◆ How to complete this task:
What you write must match the records exactly, except for the images, which are left out.

== Segment start ==

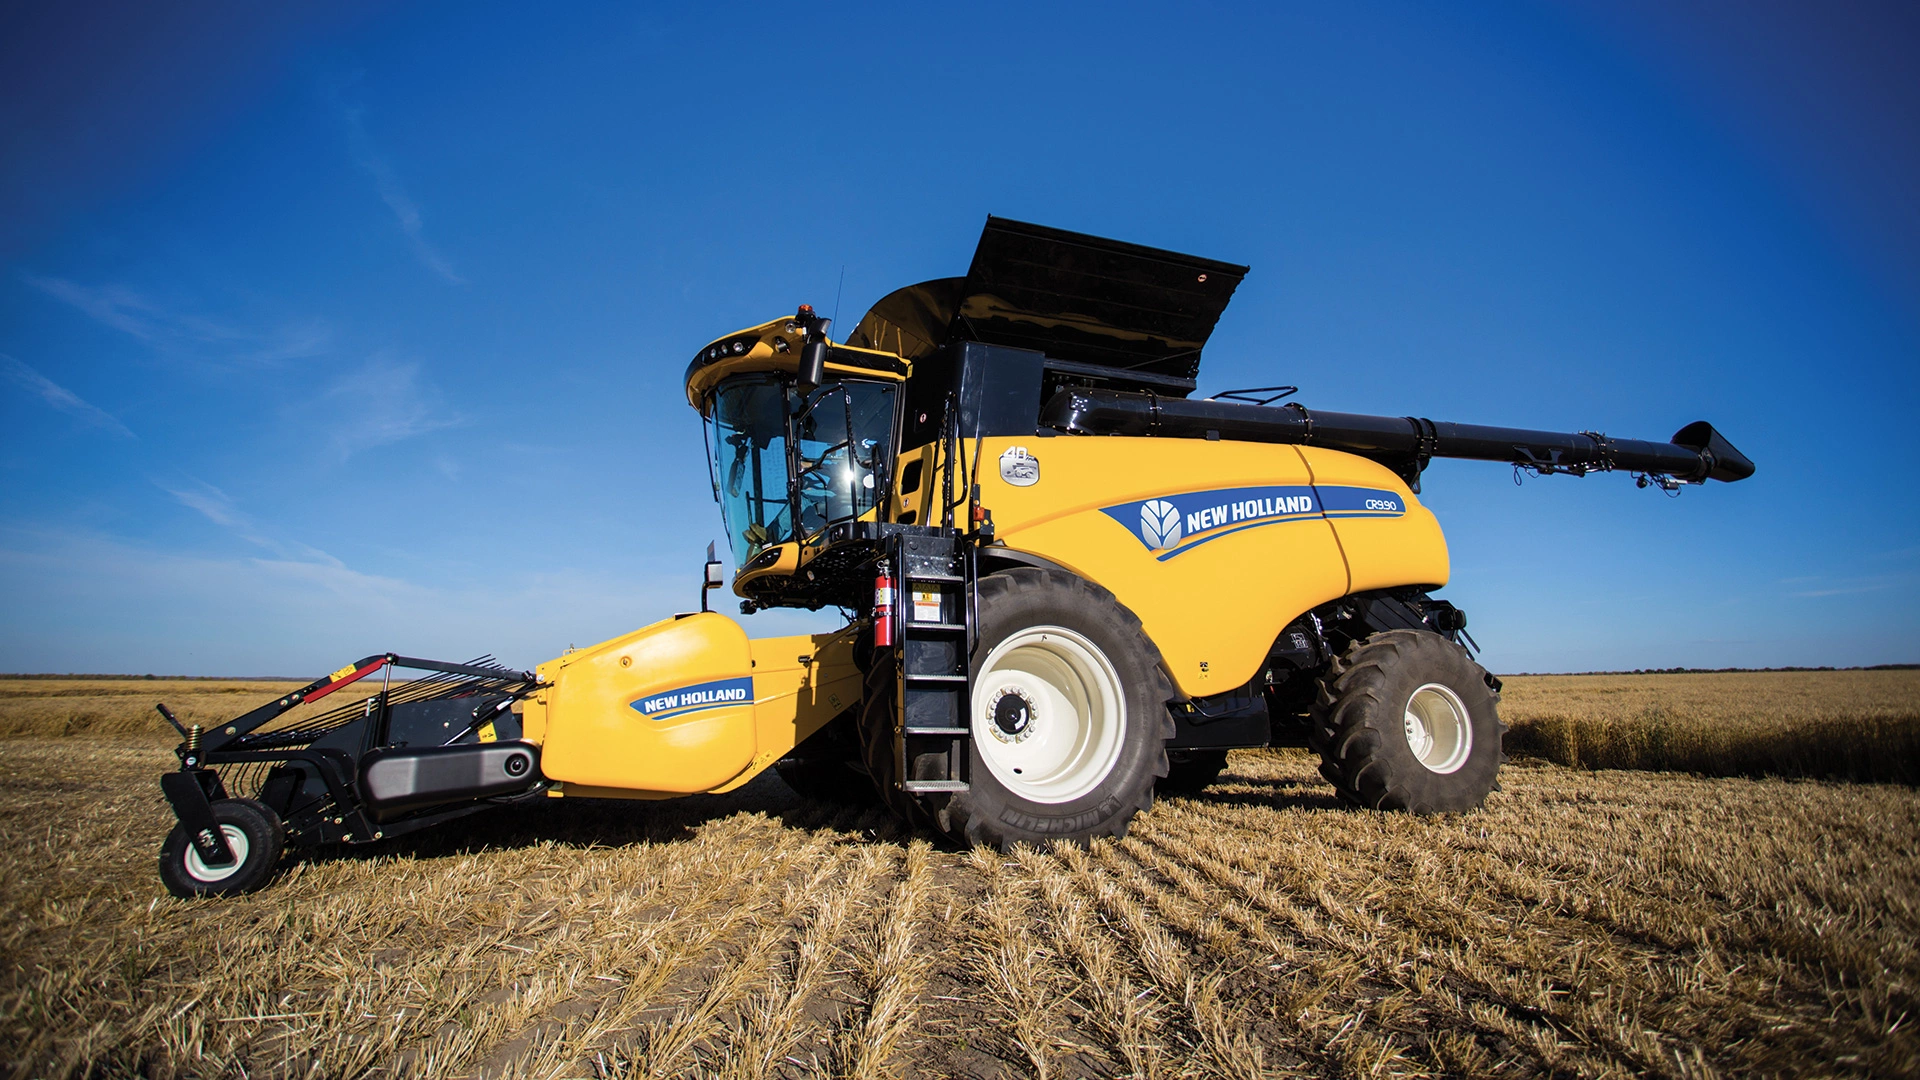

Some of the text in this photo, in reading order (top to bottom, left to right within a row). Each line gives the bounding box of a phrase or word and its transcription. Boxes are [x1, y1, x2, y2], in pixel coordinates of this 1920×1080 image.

[1187, 496, 1312, 534] NEW HOLLAND
[645, 688, 746, 713] NEW HOLLAND
[1000, 807, 1100, 833] MICHELIN
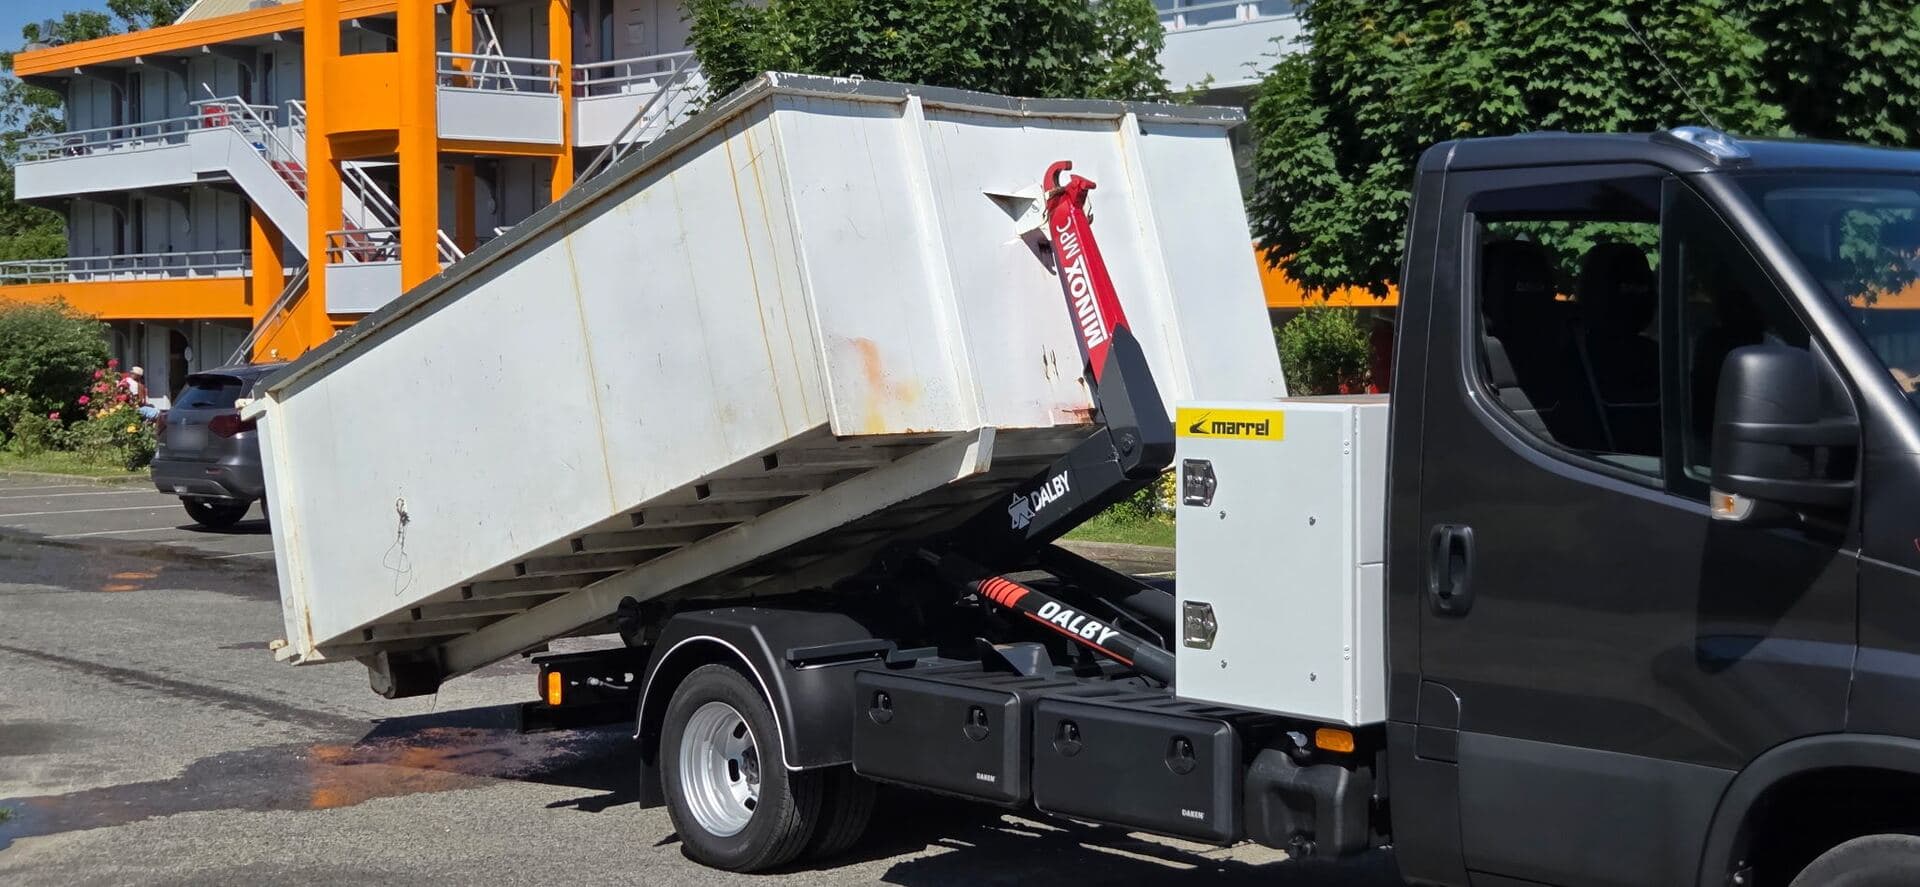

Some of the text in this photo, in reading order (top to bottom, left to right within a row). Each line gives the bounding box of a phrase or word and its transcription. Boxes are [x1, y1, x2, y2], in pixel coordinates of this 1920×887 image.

== Segment end ==

◆ Answer to this exercise:
Some of the text in this photo, in reading order (top to bottom, left to right within a row). Each line gives the bounding box of a phrase or word and its transcription. Boxes are [x1, y1, x2, y2], in pixel coordinates of this 1920×1080 image.

[1187, 496, 1312, 534] NEW HOLLAND
[645, 688, 746, 713] NEW HOLLAND
[1000, 807, 1100, 833] MICHELIN

Some of the text in this photo, in reading order (top to bottom, left to right within a row). Each line gives the bounding box of a phrase or word and its transcription. Boxes are [x1, y1, x2, y2], in pixel coordinates of this 1920×887 image.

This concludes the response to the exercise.